Here’s an interesting excerpt from an article pulled from LiveScience.com on the effects of religion on children, and by intimation, the home.
Kids with religious parents are better behaved and adjusted than other children, according to a new study that is the first to look at the effects of religion on young child development.The conflict that arises when parents regularly argue over their faith at home, however, has the opposite effect.
John Bartkowski, a Mississippi State University sociologist and his colleagues asked the parents and teachers of more than 16,000 kids, most of them first-graders, to rate how much self control they believed the kids had, how often they exhibited poor or unhappy behavior and how well they respected and worked with their peers.
The researchers compared these scores to how frequently the children’s parents said they attended worship services, talked about religion with their child and argued about religion in the home.
The kids whose parents regularly attended religious services—especially when both parents did so frequently—and talked with their kids about religion were rated by both parents and teachers as having better self-control, social skills and approaches to learning than kids with non-religious parents.
But when parents argued frequently about religion, the children were more likely to have problems. “Religion can hurt if faith is a source of conflict or tension in the family,” Bartkowski noted.
Why so good?
Bartkowski thinks religion can be good for kids for three reasons. First, religious networks provide social support to parents, he said, and this can improve their parenting skills.

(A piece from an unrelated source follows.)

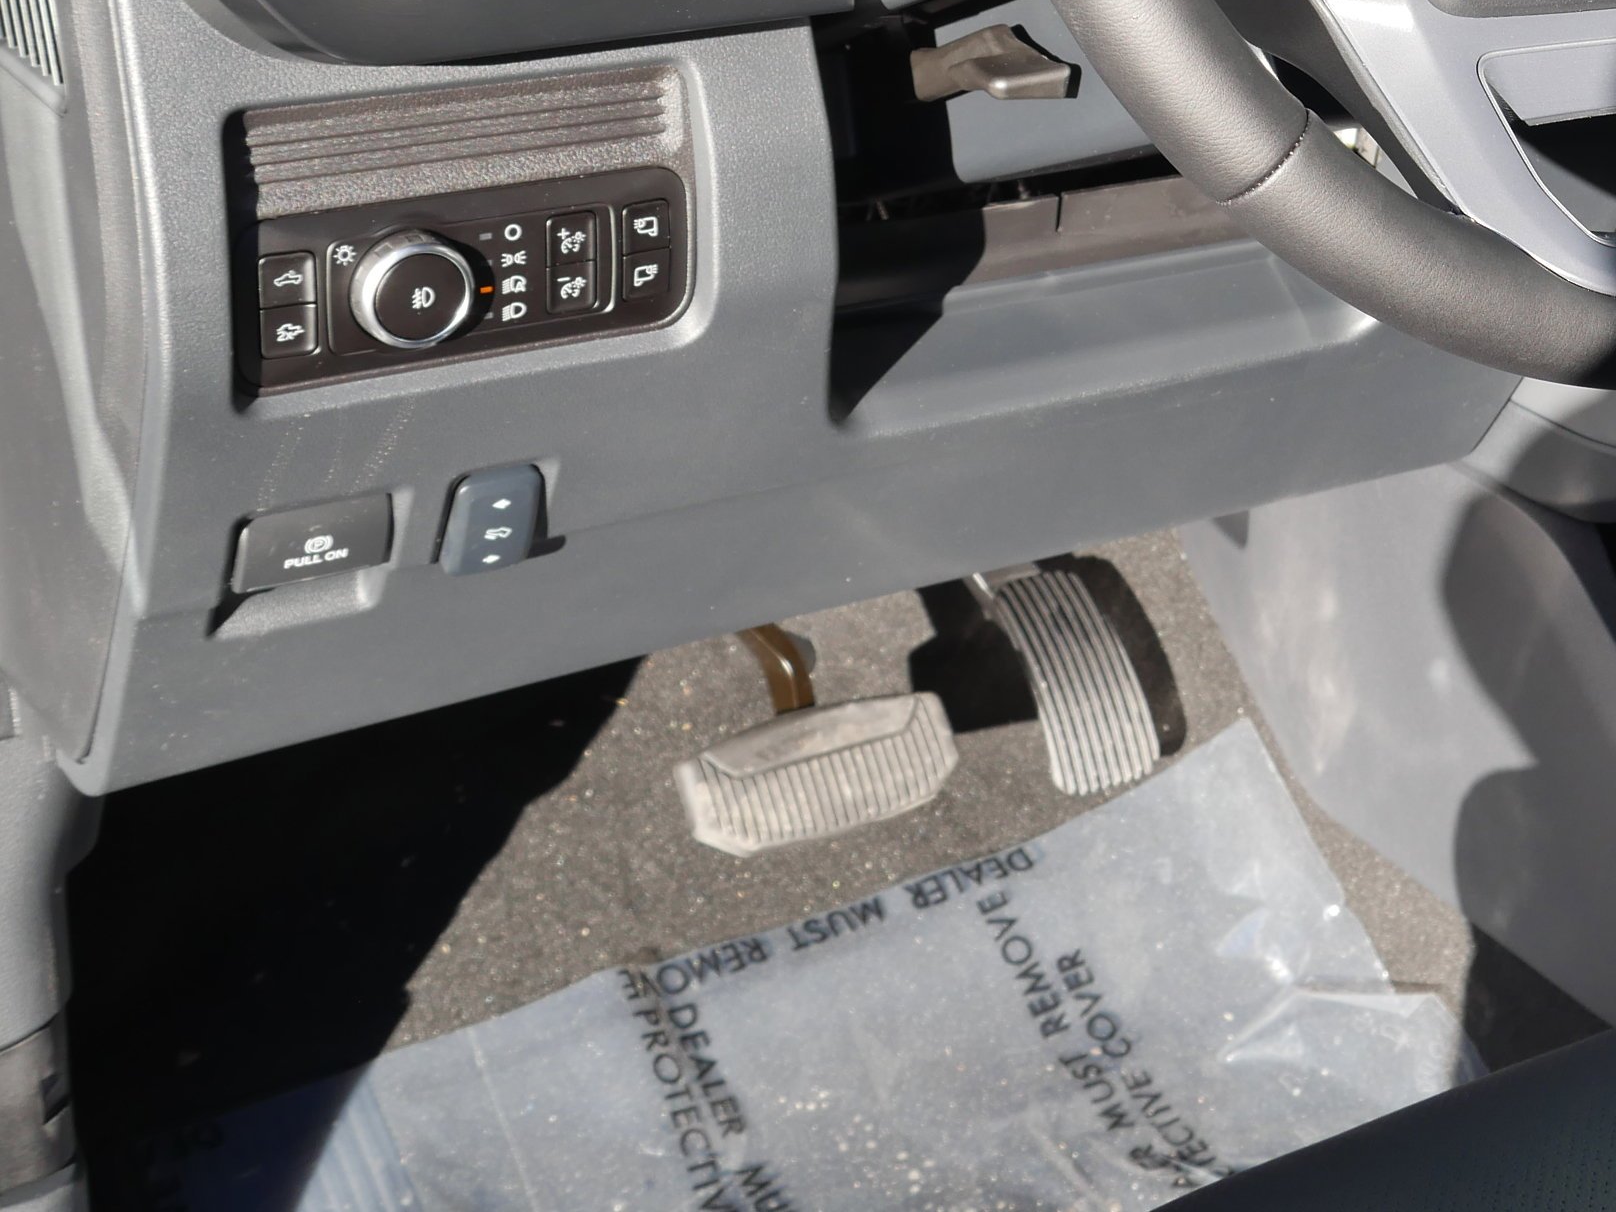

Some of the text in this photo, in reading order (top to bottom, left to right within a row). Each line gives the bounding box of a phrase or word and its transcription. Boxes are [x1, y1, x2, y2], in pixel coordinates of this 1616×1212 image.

Children who are brought into such networks and hear parental messages reinforced by other adults may also “take more to heart the messages that they get in the home,” he said.
Secondly, the types of values and norms that circulate in religious congregations tend to be self-sacrificing and pro-family, Bartkowski told LiveScience. These “could be very, very important in shaping how parents relate to their kids, and then how children develop in response,” he said.
Finally, religious organizations imbue parenting with sacred meaning and significance, he said.
What I find most interesting in the article is this statement: “The kids whose parents regularly attended religious services—especially when both parents did so frequently—and talked with their kids about religion were rated by both parents and teachers as having better self-control, social skills and approaches to learning than kids with non-religious parents.”
Following the command to “Love the your God with all your heart, with all your soul, and with all your might,” comes this command in Deuteronomy 6:7, “You shall teach them (God’s commands) diligently to your children, and shall talk of them when you sit in your house, and when you walk by the way, and when you lie down, and when you rise.” In fact the whole picture in Deuteronomy 6 is one where expressing the love of and for God and his Word is paramount in every aspect of life. Look at the whole chapter carefully and you will find elements of expressing love for God to him directly, within the home (and especially to children), in the neighborhood, and workplace/community. Even expressing love for God through heritage and history is presented in the latter part of the chapter. When God’s love permeates every area of our lives, our lives are transformed.
Reinforcing at home the messages that kids hear outside the home is critical to understanding the mess that has arisen in much of Western culture. When kids are bombarded with negative, sexual, criminal, and immoral messages through media and popular entertainment, when the values in 6-8 hours of daily schooling are “value-neutral” or worse, then what is to be expected when the parents of those same children leave their kids to their own devices to “find their own way” rather then intentionally instructing and encouraging them in a love for God and his Word?
Is it any wonder that when a love for God is absent, and the expression of God’s love is absent from the most important areas of life, that complications arise? This is not to say that people who know Christ don’t have problems—indeed they do. But a strong foundation in God’s love, expressed through and for Jesus Christ, is a strong foundation that remains even when the rafters sometimes shake loose.